Texto hebreo completo
הַבְדָּלָה
HaVdala
Separación, distinguimos lo sagrado de lo profano, sellando con la vela, el vino y las especias el fin del descanso sagrado.
Historia y origen de la oración
La Havdalá tiene sus raíces en las leyes del Talmud (Berajot 33b), que establecen la diferenciación entre días santos y días ordinarios. Se instituyó en la antigüedad para marcar la transición del Shabat a la semana laboral, como una manera de honrar la separación entre lo espiritual y lo material, siguiendo enseñanzas del Rabí Yitzhak y Maimónides. La costumbre se formalizó en los sidurim medievales, consolidándose en la liturgia judía como acto central del cierre del Shabat. Su propósito era reforzar la conciencia de que el tiempo sagrado debe ser distinguido y respetado, acreditando además la alegría y gratitud por el descanso espiritual logrado.
Estructura y partes
Borej Prej
Bendición sobre el vino, que simboliza el gozo y la santificación del momento de cierre del Shabat.
Encendido de la vela
La vela representa la presencia de la vida y la luz espiritual, señalando el final del descanso sagrado.
Inhalación de las especias
El aroma de las especias nutre el alma y ayuda a prolongar la sensación de paz y santidad del Shabat.

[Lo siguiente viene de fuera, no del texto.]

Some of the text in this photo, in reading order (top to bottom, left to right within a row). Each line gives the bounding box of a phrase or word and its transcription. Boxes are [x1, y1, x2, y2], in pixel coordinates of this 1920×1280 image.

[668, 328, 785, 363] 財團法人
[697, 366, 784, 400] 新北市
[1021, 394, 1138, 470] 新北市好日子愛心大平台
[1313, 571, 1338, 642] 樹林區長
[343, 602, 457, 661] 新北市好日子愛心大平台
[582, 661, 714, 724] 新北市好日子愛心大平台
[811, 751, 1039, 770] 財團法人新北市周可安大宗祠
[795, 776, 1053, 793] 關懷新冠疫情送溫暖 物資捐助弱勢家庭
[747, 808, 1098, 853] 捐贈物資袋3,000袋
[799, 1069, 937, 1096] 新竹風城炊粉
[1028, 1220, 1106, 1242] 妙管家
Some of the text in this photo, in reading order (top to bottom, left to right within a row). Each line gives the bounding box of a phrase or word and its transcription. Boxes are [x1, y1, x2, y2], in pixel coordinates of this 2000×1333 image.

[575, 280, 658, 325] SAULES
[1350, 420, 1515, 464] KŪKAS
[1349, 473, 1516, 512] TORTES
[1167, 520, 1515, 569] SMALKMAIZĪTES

Recitación de la bendición de Havdalá
Palabras que distinguen y conectan lo sagrado con lo cotidiano, sellando la transición.
Cuándo y cómo rezarla
Se recita justo después de la puesta del sol, al final del viernes y durante la noche en la presencia de la familia o comunidad. La ceremonia se realiza de pie, preferentemente en dirección a Jerusalén. La vela se enciende primero, seguida por la bendición del vino y las especias. Es común en hogares, sinagogas, y en ocasiones especiales con concentración y respeto hacia la tradición, incluso en solitario si se desea mantener la continuidad espiritual.
Significado profundo
La Havdalá expresa la profunda conexión entre el tiempo sagrado y diario, recordando que la santidad se distingue y se prolonga en nuestras acciones cotidianas. Representa la unión entre cielo y tierra, lo espiritual y lo material, invitándonos a llevar la paz del Shabat a nuestra vida semanal. Es una proclamación de gratitud y reconocimiento de la presencia divina en cada momento de descanso. Además, fortalece la conciencia de que la espiritualidad debe acompañarnos más allá del día santo, integrándose en nuestro quehacer diario.

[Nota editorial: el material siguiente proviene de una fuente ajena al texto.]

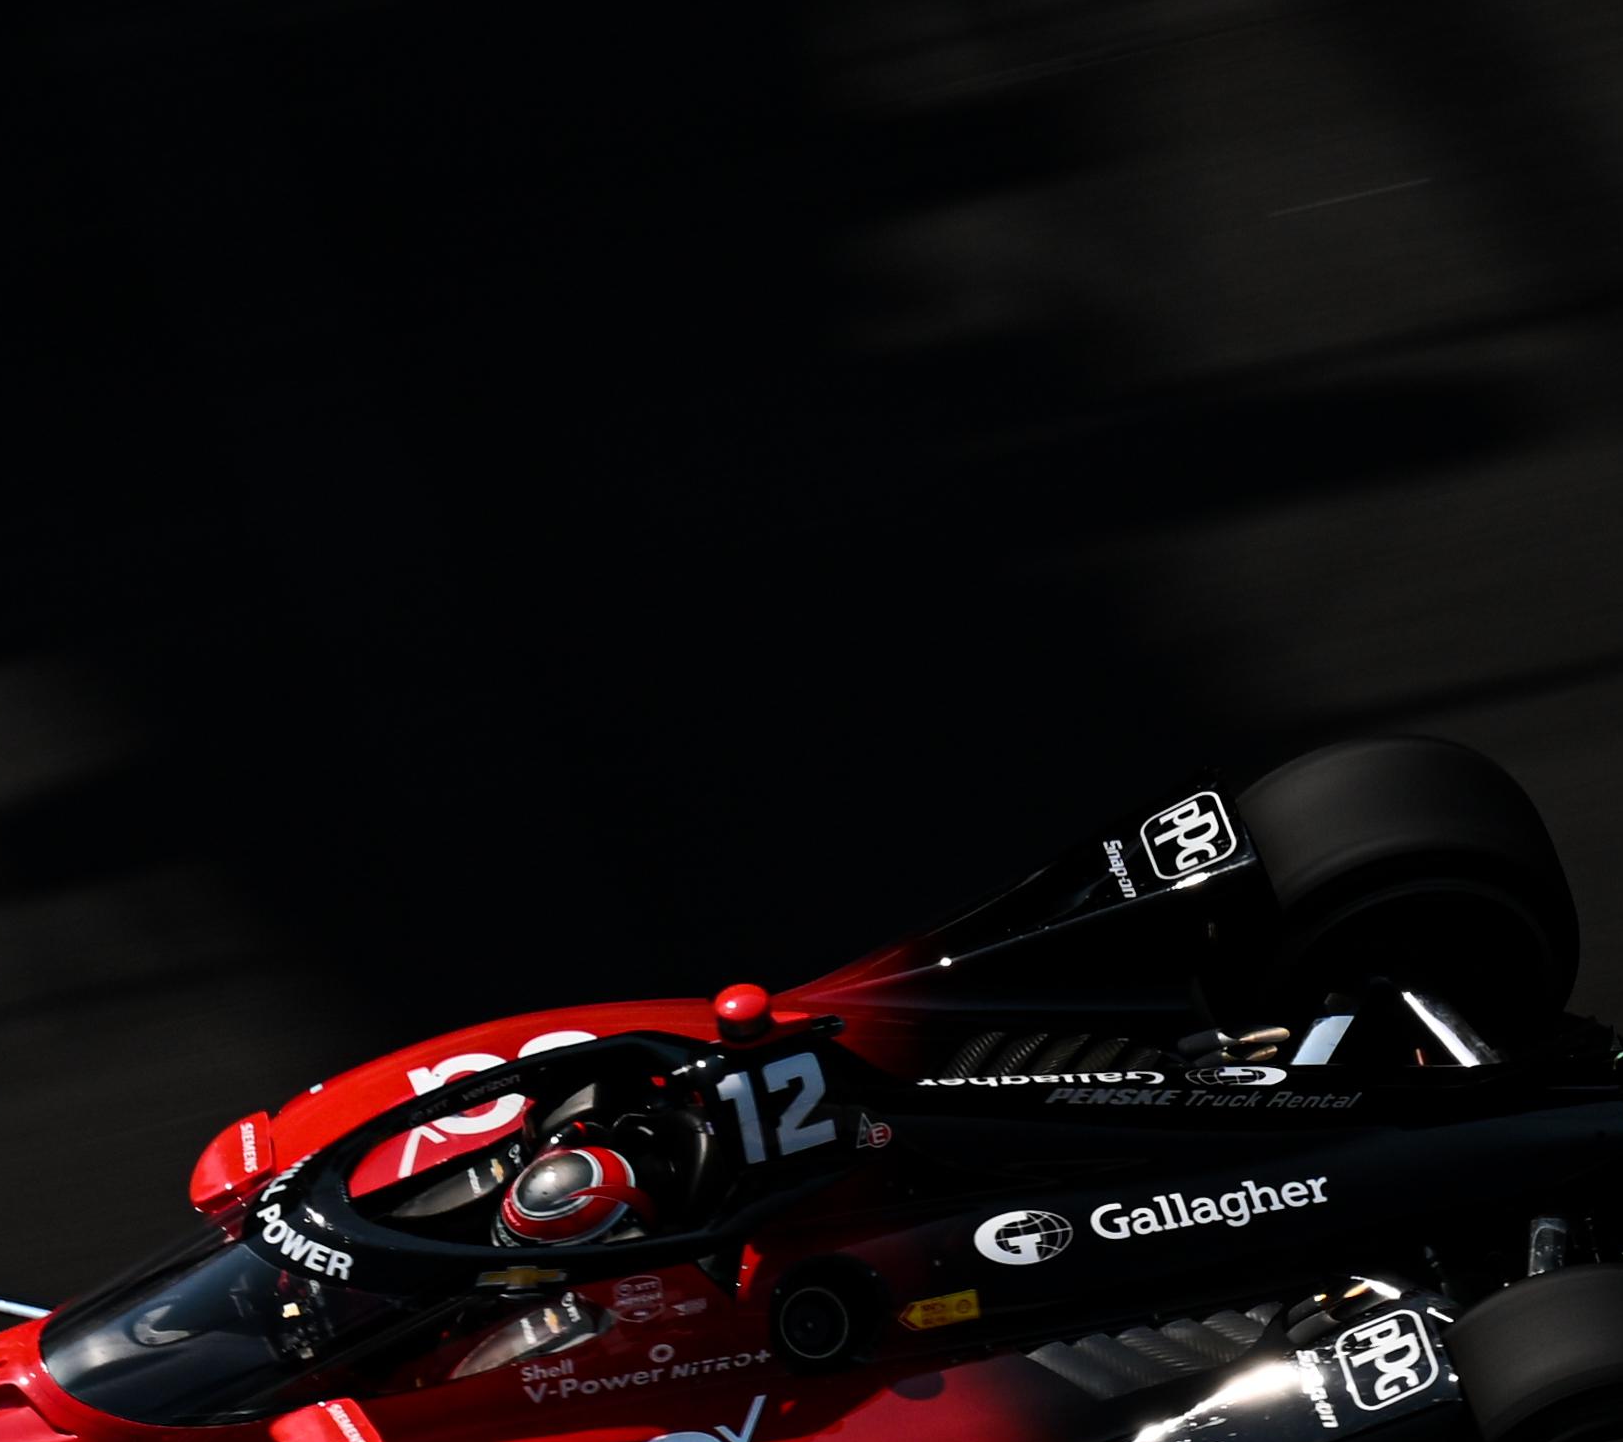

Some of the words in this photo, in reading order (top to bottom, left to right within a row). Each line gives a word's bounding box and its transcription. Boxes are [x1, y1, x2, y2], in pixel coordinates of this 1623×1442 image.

[718, 1052, 838, 1165] 12
[1046, 1087, 1180, 1106] PENSKE
[1185, 1090, 1263, 1109] Truck
[1266, 1091, 1363, 1110] Rental
[240, 1122, 259, 1173] SIEMENS
[1090, 1177, 1328, 1240] Gallagher
[255, 1203, 355, 1281] POWER
[520, 1358, 575, 1383] Shell
[523, 1365, 665, 1404] V-Power

Según la halajá, la Havdalá es una obligación en cada final de Shabat, practicada con atención a las bendiciones y las tradiciones específicas de cada comunidad. Se recomienda realizarla en presencia de un mínimo de tres personas para potenciar la unión espiritual. La forma puede variar ligeramente entre comunidades ashkenazíes y sefardíes, pero la estructura básica y las bendiciones se mantienen. Es importante realizar la ceremonia de forma respetuosa, manteniendo la concentración en su significado profundo. La costumbre de usar especias es opcional, aunque muy valorada por su simbolismo de dulzura y memoria del gozo del Shabat.
Reflexión espiritual
Al recitar la Havdalá hoy, recordamos que cada fin de semana es una oportunidad para renovar nuestro compromiso con lo sagrado en la vida cotidiana. Que las luces de la vela nos iluminen y las especias llenen nuestro corazón de gratitud y paz. Al cerrar este ciclo sagrado, llevemos en nuestro espíritu la enseñanza de que la santidad puede integrarse en cada acción, inspirándonos a vivir con conciencia, alegría y pureza. Que esta ceremonia fortalezca nuestro vínculo con Dios, la comunidad y con nosotros mismos, en la continuidad de la vida espiritual.
✦ La palabra 'Havdalá' proviene del hebreo que significa 'diferenciar' o 'separar', reflejando su función de distinguir lo sagrado de lo cotidiano. Curiosamente, la tradición de usar especias fue adoptada en la Edad Media para prolongar el aroma de la festividad y evitar que la alegría del Shabat se desvaneciera demasiado rápido.